The integration of positron emission tomography (PET) with CT scanning plays a critical role in assessing sclerosing mesenteritis. PET studies are highly accurate in excluding tumoral involvement of the mesentery by showing no 2-fluoro-2-deoxy-D-glucose (FDG) uptake.3

Although patients with mesenteric panniculitis seem to have a good prognosis and their condition may regress spontaneously,7,8 the outcome for patients with sclerosing mesenteritis appears less favorable. Some patients have shown improvement after being treated with cyclophosphamide,9 corticosteroids with or without colchicine,10,11 azathioprine,12,13 or tamoxifen.14 Surgical treatment is usually not indicated for sclerosing mesenteritis, except for frozen-section biopsy. Surgery may be required, however, to remove the mesenteric mass in cases of bowel obstruction, arterial occlusion, and symptomatology refractory to medical treatment.

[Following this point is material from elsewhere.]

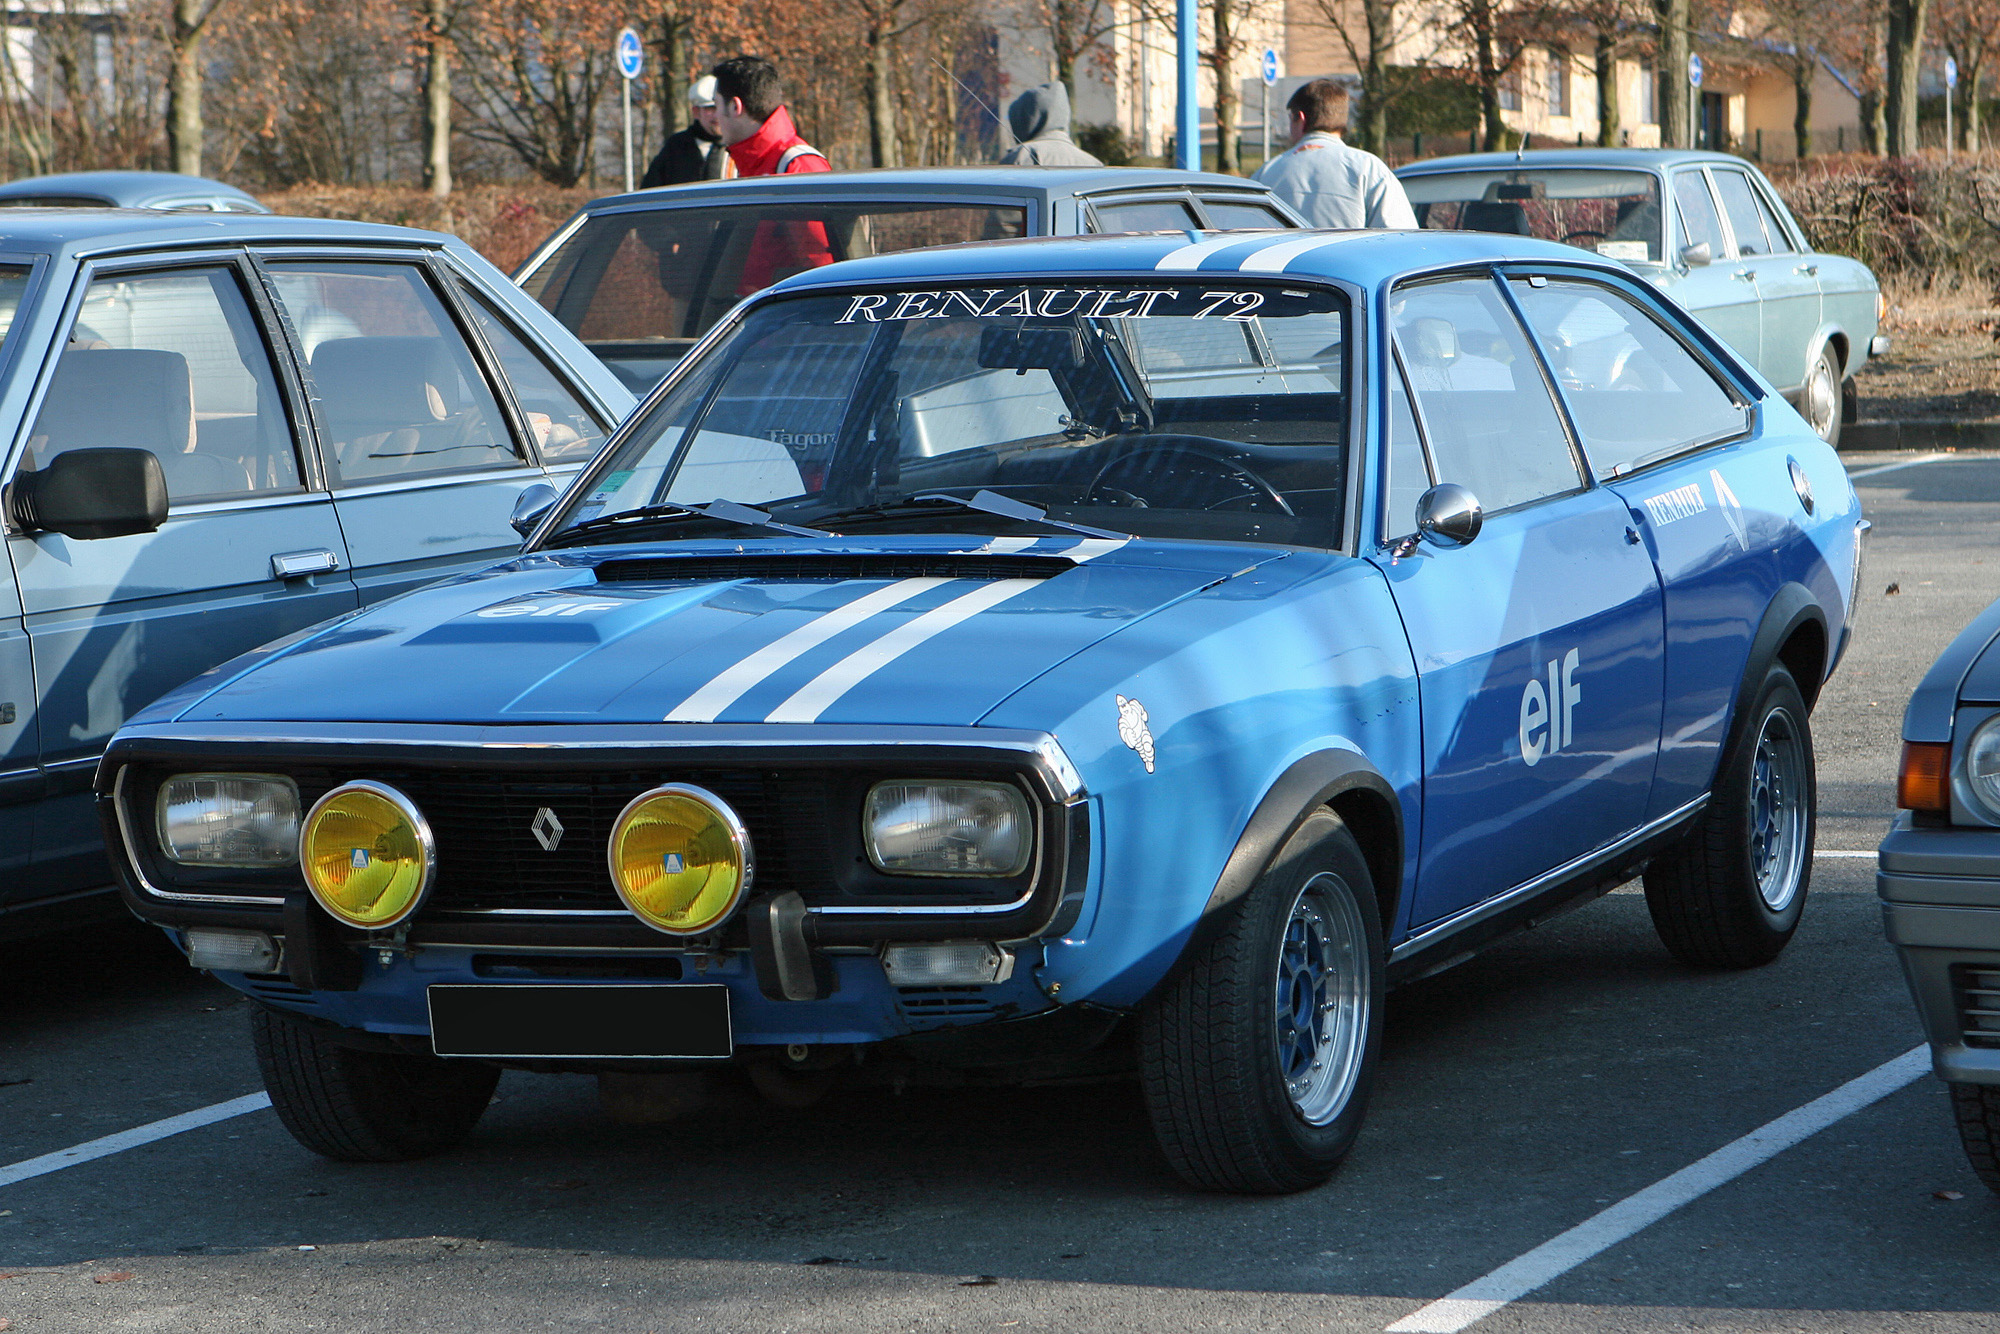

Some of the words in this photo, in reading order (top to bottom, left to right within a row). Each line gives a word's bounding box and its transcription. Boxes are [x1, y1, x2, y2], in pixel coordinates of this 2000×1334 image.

Treatment for sclerosing mesenteritis should be based on the stage of the disease at diagnosis. Earlier stages may be observed or treated medically; however, when fibrosis becomes extensive, surgical intervention is the treatment of choice.


We thank Steven Leighton, MD, Mount Sinai Medical Center, Department of Radiology, for his assistance with reading the CT scans.


The authors have no relationship with any commercial entity that might represent a conflict of interest with the content of this article and attest that the data meet the requirements for informed consent and for the Institutional Review Boards.